The green-edge was a Severn’s speciality. This was not an indication that the end of the roll was nigh, but applied to the entire roll.
They were the only one of the Doncaster independents that used TIMs (the others being United Services, Felix, Blue Line and Reliance) to indulge in this. Wigan Corporation had similar rolls but with a blue edge for many years.

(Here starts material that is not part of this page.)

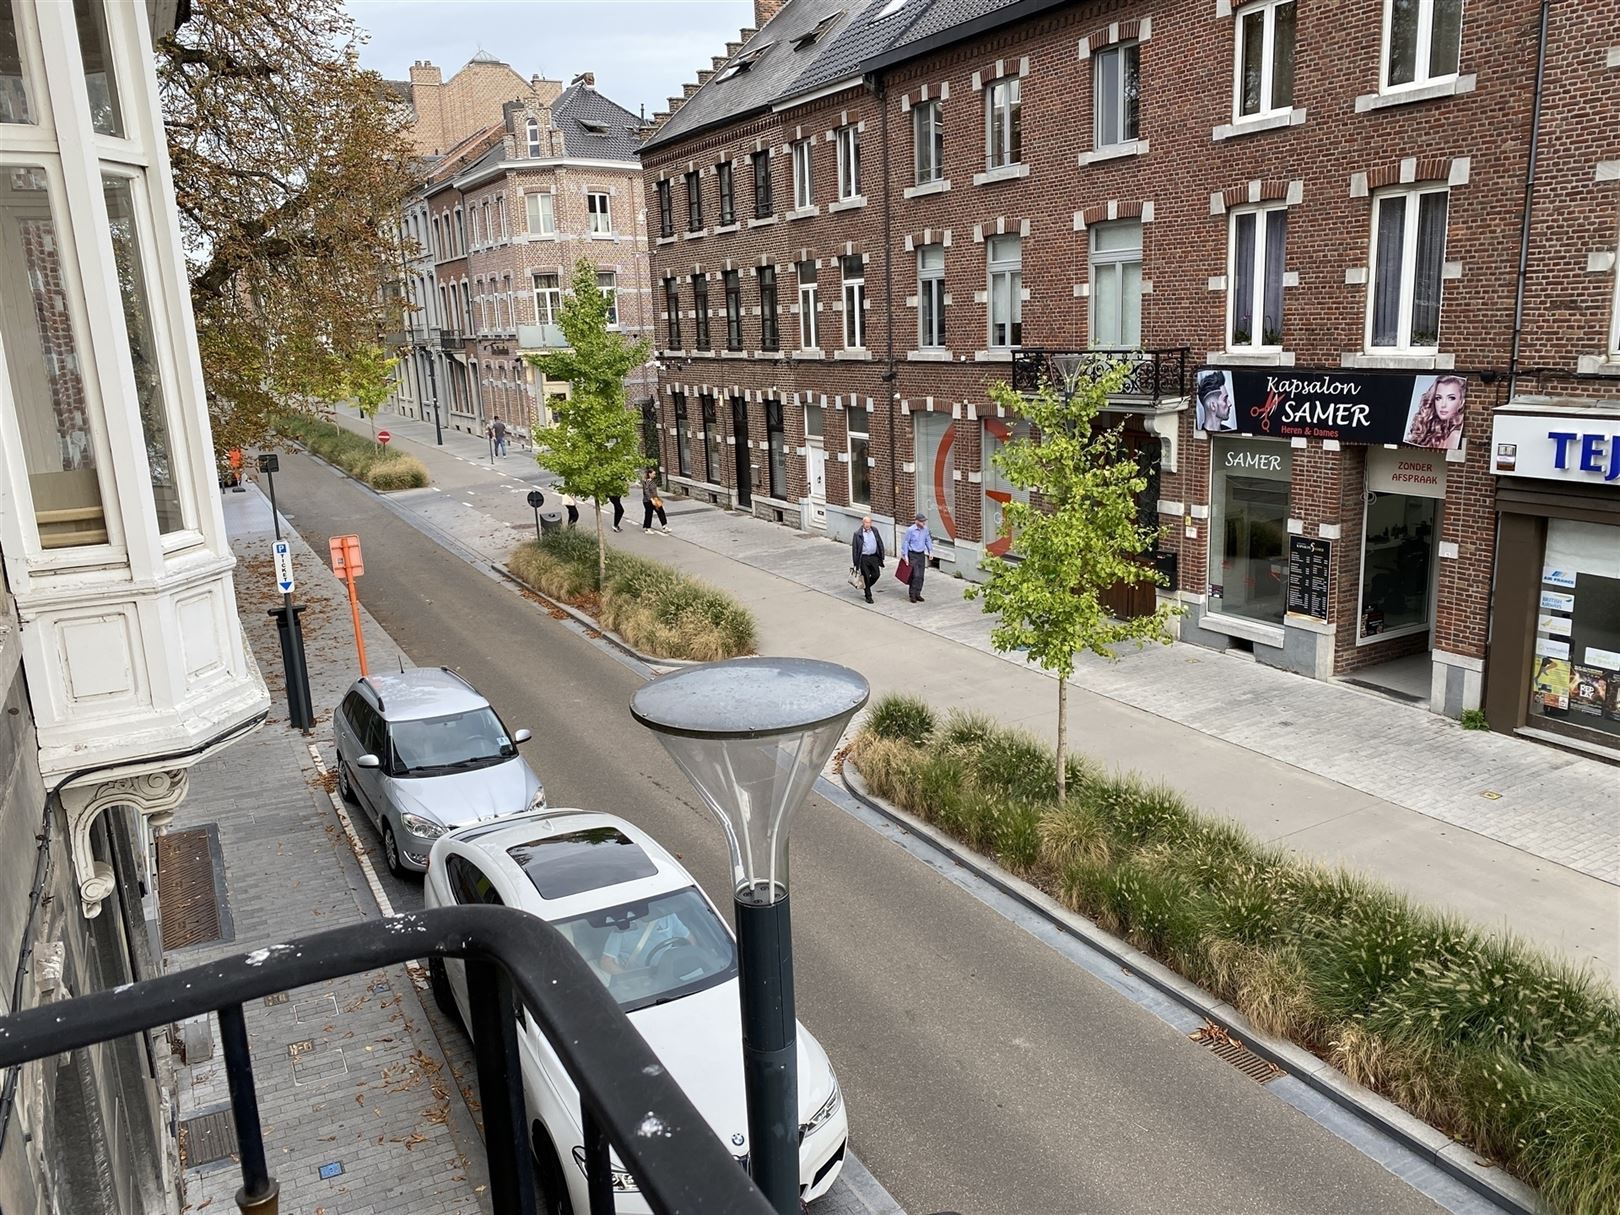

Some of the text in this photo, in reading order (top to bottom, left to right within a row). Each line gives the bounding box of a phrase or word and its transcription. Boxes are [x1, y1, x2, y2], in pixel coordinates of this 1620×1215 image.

DRH – Transport Ticket Society

Halifax Corporation – TIM

Halifax TIM

In 1968 a new Limited Stop service X68 commenced between Halifax and Sheffield via Huddersfield, with an occasional all-stops and more meandering variant – service 68. This incorporated the former Sheffield and Yorkshire Traction service 68 which had operated just between Huddersfield and Sheffield. The new service was operated jointly by Halifax J.O.C., Huddersfield J.O.C., Sheffield (C-fleet) and Yorkshire Traction, who each provided one vehicle.
This was a much longer route than anything Halifax had operated before, and the Ultimate machines would have had to issue handfuls of multiple tickets to cope with the high fares. Consequently a pair of TIM machines were purchased, carrying serial numbers 1000 and 1001 – one and a spare. Whereas normally each conductor or o-m-o driver had their own Ultimates, the TIM machine stayed with the bus working the 68/X68 all day. I think we operated two trips a day, each with a different driver. To operate every day and to cover for rest days there were three senior drivers allocated to the Sheffield Rota. To make up their daily hours they would work a bit of local service also when they would use their own Ultimates. The TIM’s were not used on any other service, but around 1970 a single Limited Stop morning-peak shortworking was introduced between Halifax and Huddersfield as service X42, before operating the first trip through to Sheffield, and they were used on that also. The X42 became my regular bus to Huddersfield Polytechnic, but it only lasted for a short while. These tickets are probably very rare now.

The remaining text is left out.